Eko menyampaikan temuannya tersebut dalam diskusi virtual Jakarta Journalist Center bertajuk "Amannya Minyak Goreng untuk Rakyat", Kamis (24/3).
Mulanya Eko menjelaskan soal kebijakan terbaru pemerintah yang menetapkan harga eceran tertinggi atau HET minyak goreng curah sebesar Rp 14.000 tak terimplementasi di lapangan.
"Saya menduga kebijakan terbaru ini juga tidak efektif. Kenapa? Oke HET hanya untuk minyak curah itu akan lebih membantu masyarakat ekonomi kelas bawah. Tapi masalahnya, barangnya juga tidak ada tuh di pasar tradisional hari ini," ujar Eko.

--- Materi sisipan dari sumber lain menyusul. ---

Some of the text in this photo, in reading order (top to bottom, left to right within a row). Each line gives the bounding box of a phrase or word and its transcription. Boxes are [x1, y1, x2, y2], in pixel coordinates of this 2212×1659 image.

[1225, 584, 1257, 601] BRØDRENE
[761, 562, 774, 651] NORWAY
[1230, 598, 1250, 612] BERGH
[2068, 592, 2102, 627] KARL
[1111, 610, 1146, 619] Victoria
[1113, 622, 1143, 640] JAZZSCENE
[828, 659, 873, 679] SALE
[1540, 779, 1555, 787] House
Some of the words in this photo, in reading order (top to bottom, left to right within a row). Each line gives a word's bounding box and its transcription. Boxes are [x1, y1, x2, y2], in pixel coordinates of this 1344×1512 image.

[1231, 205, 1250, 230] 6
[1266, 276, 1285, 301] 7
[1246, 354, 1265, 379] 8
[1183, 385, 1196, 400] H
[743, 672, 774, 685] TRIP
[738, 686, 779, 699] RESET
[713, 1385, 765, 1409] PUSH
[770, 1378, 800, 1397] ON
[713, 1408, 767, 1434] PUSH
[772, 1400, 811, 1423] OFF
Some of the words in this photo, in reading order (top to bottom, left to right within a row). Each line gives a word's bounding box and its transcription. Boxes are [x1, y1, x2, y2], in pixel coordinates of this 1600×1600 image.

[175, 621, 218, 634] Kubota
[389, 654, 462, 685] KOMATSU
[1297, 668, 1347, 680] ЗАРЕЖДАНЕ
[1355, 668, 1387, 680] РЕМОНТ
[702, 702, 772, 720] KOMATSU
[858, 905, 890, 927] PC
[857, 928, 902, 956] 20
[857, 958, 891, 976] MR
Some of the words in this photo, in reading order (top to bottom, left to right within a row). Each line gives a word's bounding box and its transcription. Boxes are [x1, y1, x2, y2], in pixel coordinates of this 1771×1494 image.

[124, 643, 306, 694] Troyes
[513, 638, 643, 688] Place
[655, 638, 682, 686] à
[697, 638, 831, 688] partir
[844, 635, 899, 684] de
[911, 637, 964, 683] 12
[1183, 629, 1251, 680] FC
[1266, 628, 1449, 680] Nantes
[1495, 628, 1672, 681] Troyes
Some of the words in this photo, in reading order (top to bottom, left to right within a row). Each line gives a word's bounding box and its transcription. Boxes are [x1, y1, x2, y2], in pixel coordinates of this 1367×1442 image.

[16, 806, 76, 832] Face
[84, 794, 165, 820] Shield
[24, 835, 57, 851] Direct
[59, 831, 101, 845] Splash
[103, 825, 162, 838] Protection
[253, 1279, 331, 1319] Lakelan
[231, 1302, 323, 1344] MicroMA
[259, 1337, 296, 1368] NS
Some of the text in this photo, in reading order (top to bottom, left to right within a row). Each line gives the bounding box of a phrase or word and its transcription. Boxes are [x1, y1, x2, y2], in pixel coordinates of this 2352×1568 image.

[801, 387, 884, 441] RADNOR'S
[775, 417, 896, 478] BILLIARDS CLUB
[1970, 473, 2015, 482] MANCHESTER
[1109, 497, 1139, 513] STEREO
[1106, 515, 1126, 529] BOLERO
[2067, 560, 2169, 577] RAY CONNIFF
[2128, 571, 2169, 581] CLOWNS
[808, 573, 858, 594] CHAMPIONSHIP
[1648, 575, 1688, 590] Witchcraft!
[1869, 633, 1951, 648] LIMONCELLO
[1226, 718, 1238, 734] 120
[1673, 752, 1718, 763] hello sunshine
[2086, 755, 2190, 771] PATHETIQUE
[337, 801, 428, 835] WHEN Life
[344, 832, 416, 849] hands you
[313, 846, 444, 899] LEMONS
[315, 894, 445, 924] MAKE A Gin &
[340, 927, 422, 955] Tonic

Kelangkaan minyak goreng curah di pasar tradisional, menurut Eko, adalah salah satu implikasi dari pencabutan HET minyak goreng kemasan oleh Kementerian Perdagangan (Kemendag), sehingga muncul banyak merk baru untuk minyak goreng kemasan.
"Implikasinya apa? Ya tetap masyarakat bawah harus membeli Migor yang kemasan yang harganya sudah 24 ribu hari ini, atau bahkan lebih di beberapa tempat," imbuhnya menegaskan.
Kondisi yang terjadi tersebut, lanjut Eko, telah menggerus daya beli masyarakat. Karena, subsidi minyak goreng curah seharga Rp 14.000 lewat skema pendanaan kepada Badan Pengelola Dana Perkebunan Kelapa Sawit (BPDPKS), tidak efektif.
Karena menurutnya, subsidi itu tak bisa mengendalikan mafia minyak goreng yang lebih memilih menimbun barang untuk mendapat untung yang lebih banyak, ketika HET akhirnya dicabut oleh pemerintah.
"Jadi apa yang terjadi? Ya sudah tidak bisa (dikatakan) negara kalah lagi, tapi memang tidak bisa berbuat apa-apa," demikian Eko.